Closed operator
Completed operators in functional analysis, a branch of mathematics is considered. These are linear operators with a particular topological feature, which is weaker than continuity. These play a significant role in the important for quantum mechanics theory of densely - defined operators.
Definition
Let and be normed spaces, a subspace and a linear operator. This is called the graph of and is denoted by. The graph of is a subspace of the normed space.
Is called complete if the graph is a closed subspace.
It's called being locked where the closed subspace of the graph of a linear operator is; this linear operator of financial statements are then called and designated.

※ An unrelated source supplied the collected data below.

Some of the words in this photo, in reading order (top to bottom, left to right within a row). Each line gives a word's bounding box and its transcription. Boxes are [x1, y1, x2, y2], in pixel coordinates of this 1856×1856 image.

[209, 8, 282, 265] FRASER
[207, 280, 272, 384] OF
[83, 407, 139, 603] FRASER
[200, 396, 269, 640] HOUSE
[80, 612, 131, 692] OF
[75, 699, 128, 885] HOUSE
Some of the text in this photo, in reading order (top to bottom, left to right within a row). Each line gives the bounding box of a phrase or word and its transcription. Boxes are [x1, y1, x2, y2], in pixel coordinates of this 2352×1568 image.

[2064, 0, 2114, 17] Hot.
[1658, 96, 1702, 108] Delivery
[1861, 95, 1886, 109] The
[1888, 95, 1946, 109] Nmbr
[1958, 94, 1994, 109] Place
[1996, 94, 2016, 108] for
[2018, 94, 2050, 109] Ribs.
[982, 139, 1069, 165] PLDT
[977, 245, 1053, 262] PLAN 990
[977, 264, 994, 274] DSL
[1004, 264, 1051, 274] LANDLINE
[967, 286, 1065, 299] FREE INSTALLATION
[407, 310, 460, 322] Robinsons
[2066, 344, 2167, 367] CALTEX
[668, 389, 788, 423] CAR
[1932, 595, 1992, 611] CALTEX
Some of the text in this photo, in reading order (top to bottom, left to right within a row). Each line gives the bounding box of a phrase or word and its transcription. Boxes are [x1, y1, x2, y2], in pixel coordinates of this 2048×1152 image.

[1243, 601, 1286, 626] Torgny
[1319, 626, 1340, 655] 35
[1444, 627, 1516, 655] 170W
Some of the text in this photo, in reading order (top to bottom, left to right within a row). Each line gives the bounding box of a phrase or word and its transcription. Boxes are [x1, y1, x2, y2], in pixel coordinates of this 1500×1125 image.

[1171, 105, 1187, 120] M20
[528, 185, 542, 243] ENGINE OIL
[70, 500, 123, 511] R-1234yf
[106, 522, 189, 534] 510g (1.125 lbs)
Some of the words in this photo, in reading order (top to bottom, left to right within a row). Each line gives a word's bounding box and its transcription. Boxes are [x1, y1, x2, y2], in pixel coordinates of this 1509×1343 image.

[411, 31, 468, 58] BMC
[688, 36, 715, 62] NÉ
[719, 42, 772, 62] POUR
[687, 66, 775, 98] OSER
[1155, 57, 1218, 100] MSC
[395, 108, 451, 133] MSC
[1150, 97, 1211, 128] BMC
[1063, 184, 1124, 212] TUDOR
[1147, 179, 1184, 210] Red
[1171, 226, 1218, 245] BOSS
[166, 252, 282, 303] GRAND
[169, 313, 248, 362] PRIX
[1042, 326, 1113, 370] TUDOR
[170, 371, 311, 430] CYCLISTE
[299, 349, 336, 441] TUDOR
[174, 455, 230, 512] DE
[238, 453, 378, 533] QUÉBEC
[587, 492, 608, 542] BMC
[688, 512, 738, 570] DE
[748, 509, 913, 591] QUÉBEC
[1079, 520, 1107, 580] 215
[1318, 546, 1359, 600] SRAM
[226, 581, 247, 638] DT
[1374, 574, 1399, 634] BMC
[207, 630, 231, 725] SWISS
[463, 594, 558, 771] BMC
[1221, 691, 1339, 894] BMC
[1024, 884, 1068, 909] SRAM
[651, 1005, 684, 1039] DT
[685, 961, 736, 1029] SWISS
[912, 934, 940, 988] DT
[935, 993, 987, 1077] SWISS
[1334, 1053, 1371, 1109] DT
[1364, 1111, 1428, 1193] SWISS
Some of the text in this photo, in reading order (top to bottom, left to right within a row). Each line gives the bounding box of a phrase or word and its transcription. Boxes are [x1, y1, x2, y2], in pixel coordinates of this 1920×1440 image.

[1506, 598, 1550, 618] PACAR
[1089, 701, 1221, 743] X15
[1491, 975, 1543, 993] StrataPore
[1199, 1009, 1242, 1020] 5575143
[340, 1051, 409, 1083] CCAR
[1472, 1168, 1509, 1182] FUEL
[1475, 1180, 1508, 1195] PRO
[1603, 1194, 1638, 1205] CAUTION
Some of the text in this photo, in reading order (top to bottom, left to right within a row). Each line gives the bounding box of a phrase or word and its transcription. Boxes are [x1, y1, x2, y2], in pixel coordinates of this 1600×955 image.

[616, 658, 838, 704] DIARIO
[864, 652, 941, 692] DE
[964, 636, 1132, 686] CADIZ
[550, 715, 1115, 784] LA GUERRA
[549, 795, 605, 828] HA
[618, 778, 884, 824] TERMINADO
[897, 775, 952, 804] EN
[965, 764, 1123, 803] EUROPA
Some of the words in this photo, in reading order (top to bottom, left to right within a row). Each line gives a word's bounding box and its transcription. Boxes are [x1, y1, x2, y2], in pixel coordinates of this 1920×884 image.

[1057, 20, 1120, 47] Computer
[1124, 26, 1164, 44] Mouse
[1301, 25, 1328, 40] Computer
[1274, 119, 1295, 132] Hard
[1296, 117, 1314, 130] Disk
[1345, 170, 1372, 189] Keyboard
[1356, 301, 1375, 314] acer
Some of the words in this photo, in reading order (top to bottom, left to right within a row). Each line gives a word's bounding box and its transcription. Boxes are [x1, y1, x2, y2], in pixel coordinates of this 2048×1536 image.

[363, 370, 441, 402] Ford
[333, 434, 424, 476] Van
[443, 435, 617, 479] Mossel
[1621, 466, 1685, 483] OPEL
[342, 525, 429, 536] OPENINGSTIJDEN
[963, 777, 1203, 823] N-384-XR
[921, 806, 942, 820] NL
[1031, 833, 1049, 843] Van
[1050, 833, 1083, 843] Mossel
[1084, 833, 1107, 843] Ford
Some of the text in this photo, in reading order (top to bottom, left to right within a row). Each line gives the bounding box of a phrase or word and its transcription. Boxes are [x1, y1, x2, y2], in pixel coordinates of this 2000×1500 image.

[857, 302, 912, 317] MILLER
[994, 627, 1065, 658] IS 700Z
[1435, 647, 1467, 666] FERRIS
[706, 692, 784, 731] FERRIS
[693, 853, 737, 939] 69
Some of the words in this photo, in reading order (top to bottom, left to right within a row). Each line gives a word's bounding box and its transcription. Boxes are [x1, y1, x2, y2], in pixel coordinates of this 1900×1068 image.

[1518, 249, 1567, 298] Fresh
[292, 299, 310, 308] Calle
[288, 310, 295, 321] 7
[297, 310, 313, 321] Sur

The concept of the graph of a function or an operator is actually unnecessary, for, in a set-theoretic definition of the function, the function is defined by its graph. Then you can talk directly from the seclusion or to the conclusion of.
Characterizations
- With above notation is just finished when the following applies:
- Are Banach spaces and, as a linear operator if and only complete if the domain is completely defined by the so-called graph norm.
- Further, if and lockable, if the following applies: If a sequence in with and converges to a, then.
Examples
- Be the Banach space of continuous functions with the supremum norm, the subspace of continuously differentiable functions and be the derivative operator, ie. This operator is complete. This is obviously equivalent to a well-known theorem from elementary analysis on limit values of differentiable functions, which is discussed in the article Uniform convergence under differentiability.
- Is the result space of square summable sequences with the usual standard Hilbert space, and is defined by, as is a closed operator, which is not continuous.
- We again consider the Hilbert space. Be the dense subspace of all finite sequences. Then the operator defined by is not lockable. ( Note that the number in the above definition is always finite, so is well-defined. )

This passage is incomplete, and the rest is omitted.